— Action item —
Set the listing down again exactly, please, apart from its pictures.

— Data in this exercise —
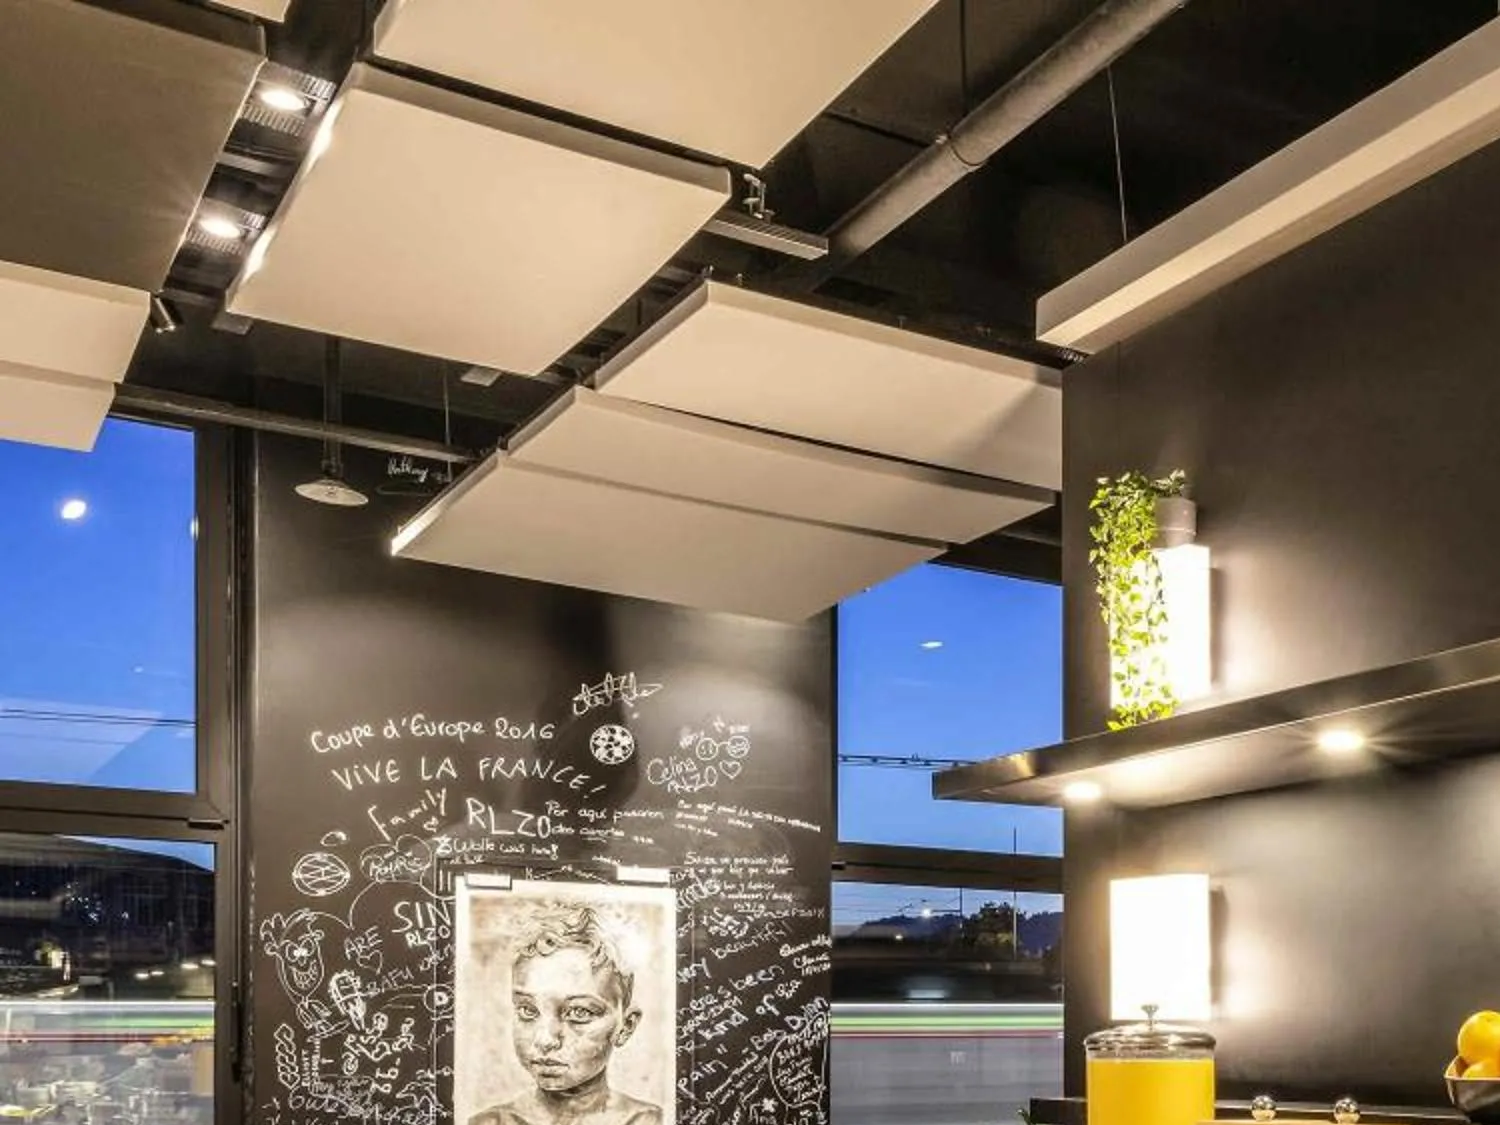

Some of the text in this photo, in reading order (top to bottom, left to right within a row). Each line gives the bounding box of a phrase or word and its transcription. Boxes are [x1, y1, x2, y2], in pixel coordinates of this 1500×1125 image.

[311, 713, 556, 753] Coupe d'Europe 2016
[420, 756, 458, 782] LA
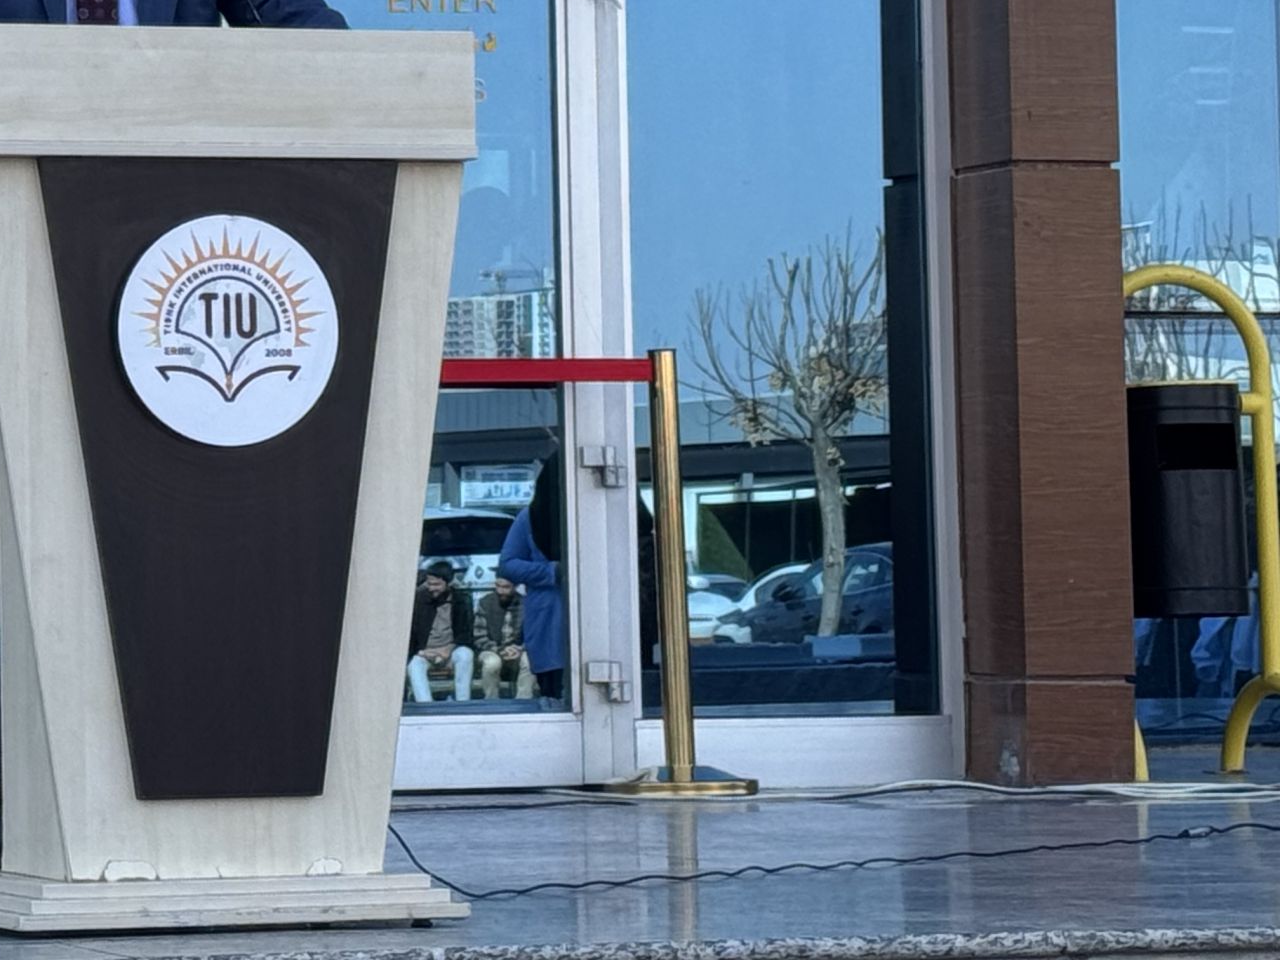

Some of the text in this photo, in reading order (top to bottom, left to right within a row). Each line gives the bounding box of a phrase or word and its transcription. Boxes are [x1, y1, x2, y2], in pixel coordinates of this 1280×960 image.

[173, 263, 253, 299] INTERNATIONAL
[255, 274, 292, 333] UNIVERSITY
[199, 292, 257, 338] TIU
[264, 348, 293, 358] 2008

— Exercise answer —
Some of the text in this photo, in reading order (top to bottom, left to right within a row). Each line gives the bounding box of a phrase or word and its transcription. Boxes are [x1, y1, x2, y2], in pixel coordinates of this 1500×1125 image.

[311, 713, 556, 753] Coupe d'Europe 2016
[420, 756, 458, 782] LA

Some of the text in this photo, in reading order (top to bottom, left to right within a row). Each line gives the bounding box of a phrase or word and its transcription. Boxes are [x1, y1, x2, y2], in pixel coordinates of this 1280×960 image.

[173, 263, 253, 299] INTERNATIONAL
[255, 274, 292, 333] UNIVERSITY
[199, 292, 257, 338] TIU
[264, 348, 293, 358] 2008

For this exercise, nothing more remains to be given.